Aus einer Kaserne wird ein neues Sicherheitszentrum

Karner konzentriert Polizei © APA/HANS KLAUS TECHT

Der Ministerrat hat am Mittwoch den Weg zum neuen Sicherheitszentrum der Exekutive geebnet. Der Beschluss ermöglicht den Bau einer Einrichtung im zwölften Wiener Gemeindebezirk, aktuell genannt „Kaserne Meidling“, wie Innenminister Gerhard Karner (ÖVP) im Pressefoyer nach der Regierungssitzung kundtat.
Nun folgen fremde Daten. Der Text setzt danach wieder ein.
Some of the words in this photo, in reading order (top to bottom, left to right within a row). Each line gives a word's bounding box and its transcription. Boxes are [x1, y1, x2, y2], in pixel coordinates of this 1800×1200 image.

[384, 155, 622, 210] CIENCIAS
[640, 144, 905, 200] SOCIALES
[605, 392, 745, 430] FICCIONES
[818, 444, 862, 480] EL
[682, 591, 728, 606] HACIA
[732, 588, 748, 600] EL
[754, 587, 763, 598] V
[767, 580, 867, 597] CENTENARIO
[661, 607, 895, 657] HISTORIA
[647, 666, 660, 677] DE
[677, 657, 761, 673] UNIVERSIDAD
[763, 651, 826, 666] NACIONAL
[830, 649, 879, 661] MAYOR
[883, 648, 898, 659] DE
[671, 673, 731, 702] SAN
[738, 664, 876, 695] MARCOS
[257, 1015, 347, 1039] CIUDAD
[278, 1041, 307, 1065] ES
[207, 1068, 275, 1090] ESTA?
Das Sicherheitszentrum wird große Einheiten wie die Direktion Staatsschutz Nachrichtendienste und das Bundeskriminalamt beheimaten.
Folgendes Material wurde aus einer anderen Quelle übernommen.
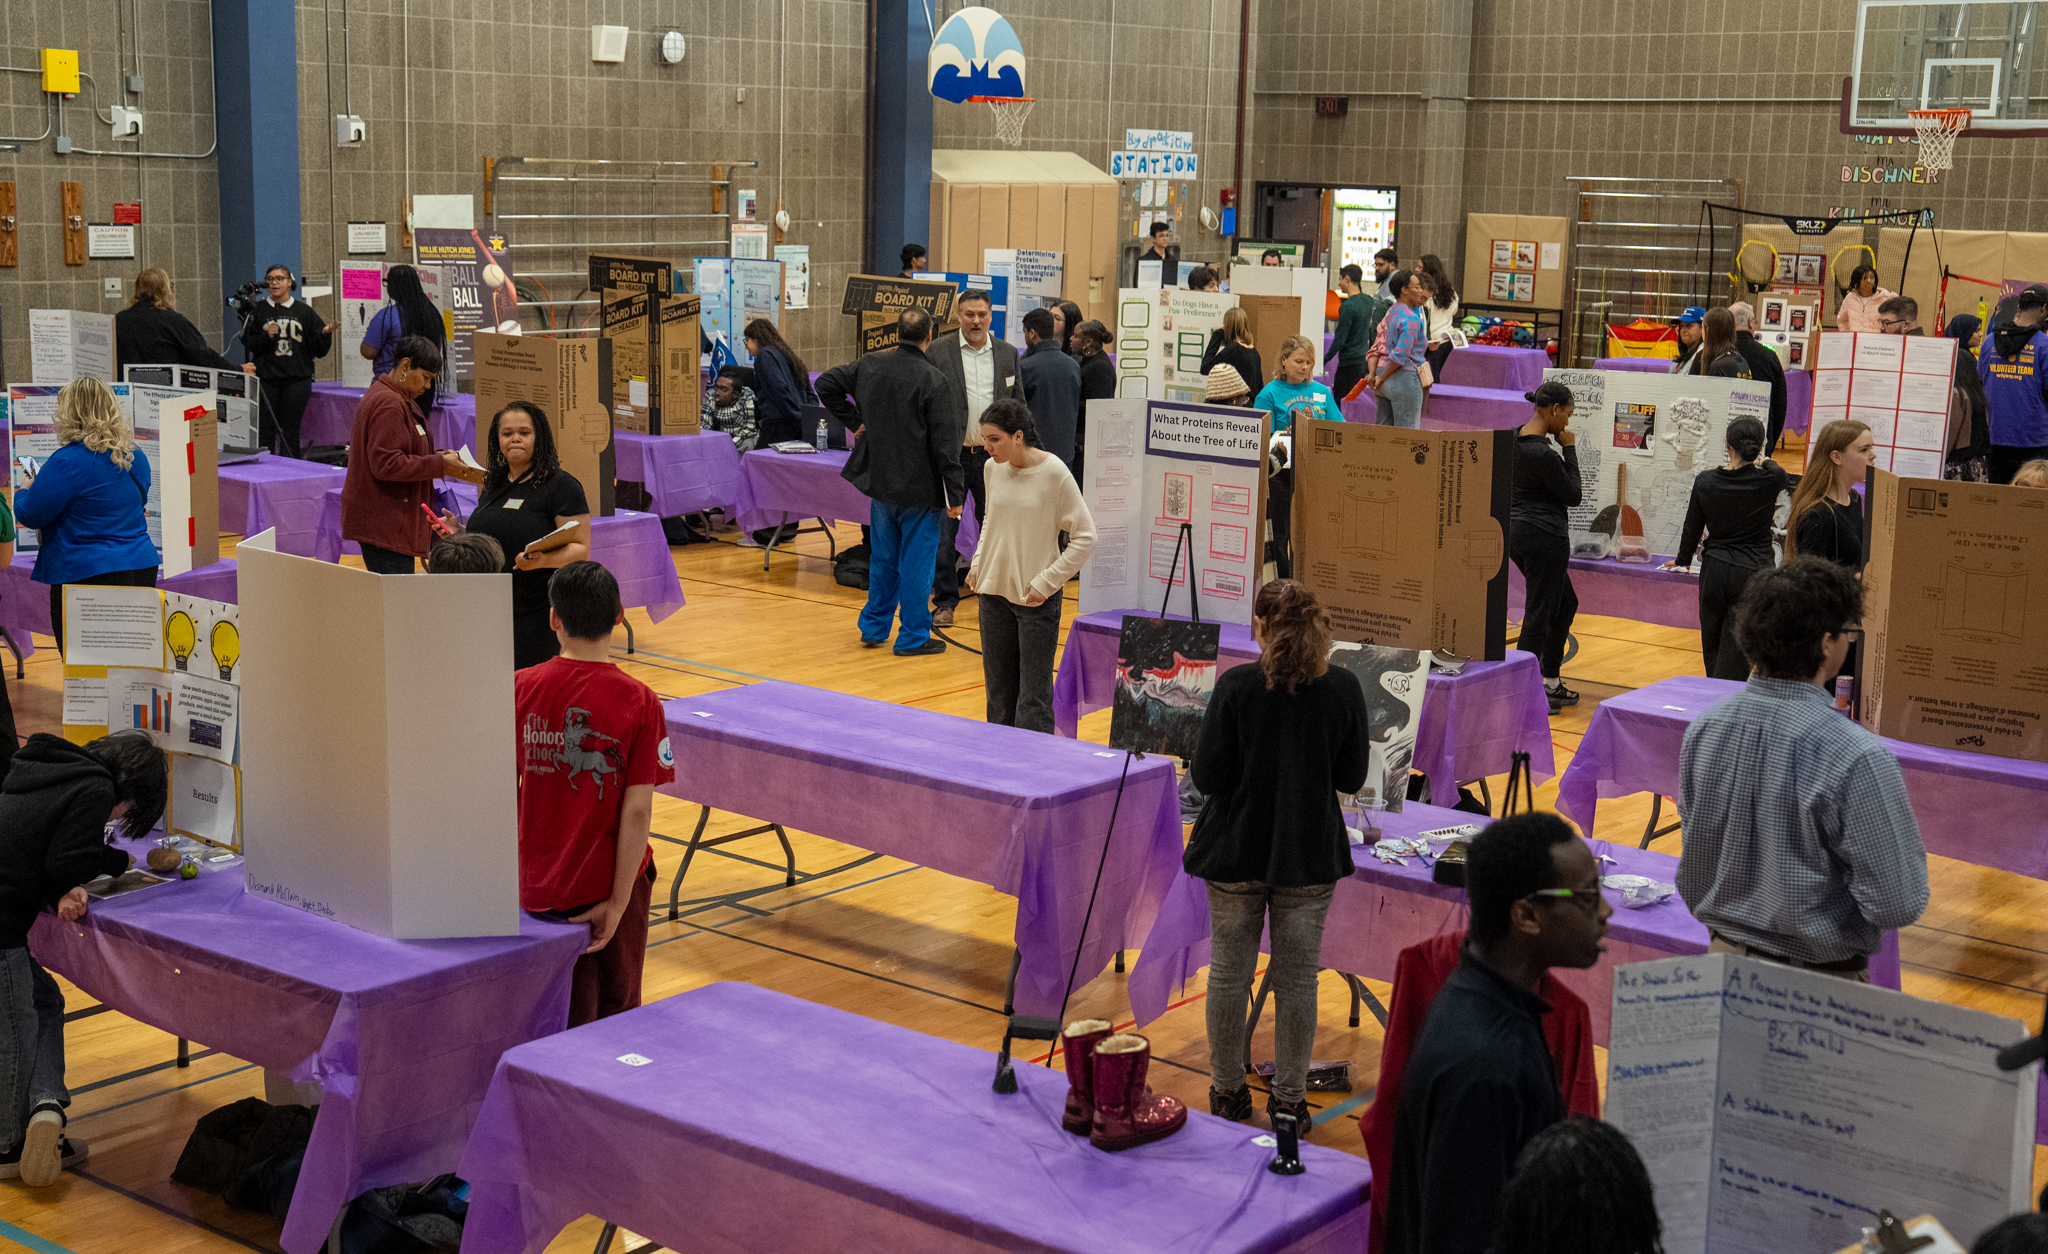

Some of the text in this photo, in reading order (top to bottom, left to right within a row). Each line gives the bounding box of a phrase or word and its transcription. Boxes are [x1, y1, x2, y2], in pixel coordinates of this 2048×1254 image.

[1319, 99, 1338, 112] EXIT
[1112, 154, 1196, 175] STATION
[1840, 166, 1939, 184] DISCHNER
[1356, 217, 1371, 228] PE
[1828, 206, 1936, 228] KILLINGER
[1796, 220, 1820, 229] SKLZ
[1017, 250, 1056, 259] Determining
[1016, 263, 1062, 271] Concentrations
[610, 269, 655, 283] BOARD KIT
[875, 292, 934, 308] BOARD KIT
[1182, 300, 1197, 308] Dogs
[606, 303, 644, 324] BOARD KIT
[662, 304, 700, 320] BOARD KIT
[1184, 308, 1216, 317] Preference
[618, 319, 640, 330] HEADER
[2018, 366, 2033, 375] TEAM
[1629, 405, 1655, 415] PUFF
[1154, 413, 1259, 433] What Proteins Reveal
[1151, 430, 1258, 450] About the Tree of Life
[1468, 440, 1478, 464] Pacon
[1348, 625, 1380, 634] Presentation
[218, 691, 229, 700] voltage
[1940, 699, 1958, 708] trois
[1966, 702, 2005, 716] d'affichage
[220, 708, 232, 717] voltage
[1921, 706, 2025, 728] Triptico para presentaciones
[2007, 710, 2040, 721] Panneau
[527, 713, 549, 731] City
[1922, 716, 2022, 738] Tri-Fold Presentation Board
[524, 724, 564, 745] Honors
[1955, 735, 1985, 747] Pacon
[192, 788, 218, 804] Results
[1726, 967, 1741, 990] A
[1722, 1092, 1735, 1108] A
Dazu kommen noch etwa das Bundesamt für Korruptionsprävention und -bekämpfung, die Direktion digitale Services, die Cobra Wien und Einheiten zur Bekämpfung der Cyberkriminalität. Etabliert wird an dem Standort auch ein Betriebskindergarten. Durch das Sicherheitszentrum wird aus fünf Standorten einer, zeigte sich Karner erfreut. So werde man effizienter und schlagkräftiger.

Bis zur Realisierung wird es noch dauern. Der Baubeginn ist laut dem Innenminister mit 2025 anvisiert. Die Umsetzung wird dann sechs bis sieben Jahre dauern, der Einzug soll in Etappen erfolgen. Der Dank Karners galt neben der Stadt Wien auch dem Verteidigungsministerium. Denn das Sicherheitszentrum kann an dem Standort in Meidling nur durch eine Umstrukturierung der Bundesheer-Objekte entstehen.

Beschlossen wurde heute im Wesentlichen, dass das Verteidigungsministerium das entsprechende Areal an die Bundesimmobiliengesellschaft abgeben kann. Diese wiederum vermietet dann an das Innenministerium. Damit steht der Realisierung nichts mehr im Weg.

Konkret geht es um den militärischen Teil der „Meidlinger Kaserne“, auch Kommandogebäude Heckenast Burian genannt. Insgesamt sollen vier Hektar Fläche der Kaserne, die nicht mehr für die ureigenen militärischen Zwecke benötigt werden, an die Bundesimmobiliengesellschaft verkauft werden. Die Mitarbeiterinnen und Mitarbeiter des Bundesheeres wurden laut Verteidigungsministerium vorab von diesem Vorhaben informiert und werden mit Ende des Jahres 2024 an neue Standorte übersiedeln.

Mit dem Erlös sollen weitere Standorte in Wien modernisiert werden, erklärte Verteidigungsministerin Klaudia Tanner (ÖVP) in einer Aussendung. Insgesamt 47,7 Millionen Euro, die durch den Verkauf zusätzlich zur Verfügung stehen, werden im Rahmen des „Aufbauplanes 2032“ in künftige Infrastrukturplanungen miteinfließen und für andere Bundesheer-Liegenschaften genutzt. Unter anderem wird in die Unterkunftsgebäude der Maria Theresien Kaserne, in die Modernisierung des Heeresspitals in der Van-Swieten-Kaserne sowie für den Neubau der Heereslogistik Schule in der Vega-Payer-Weyprecht-Kaserne investiert.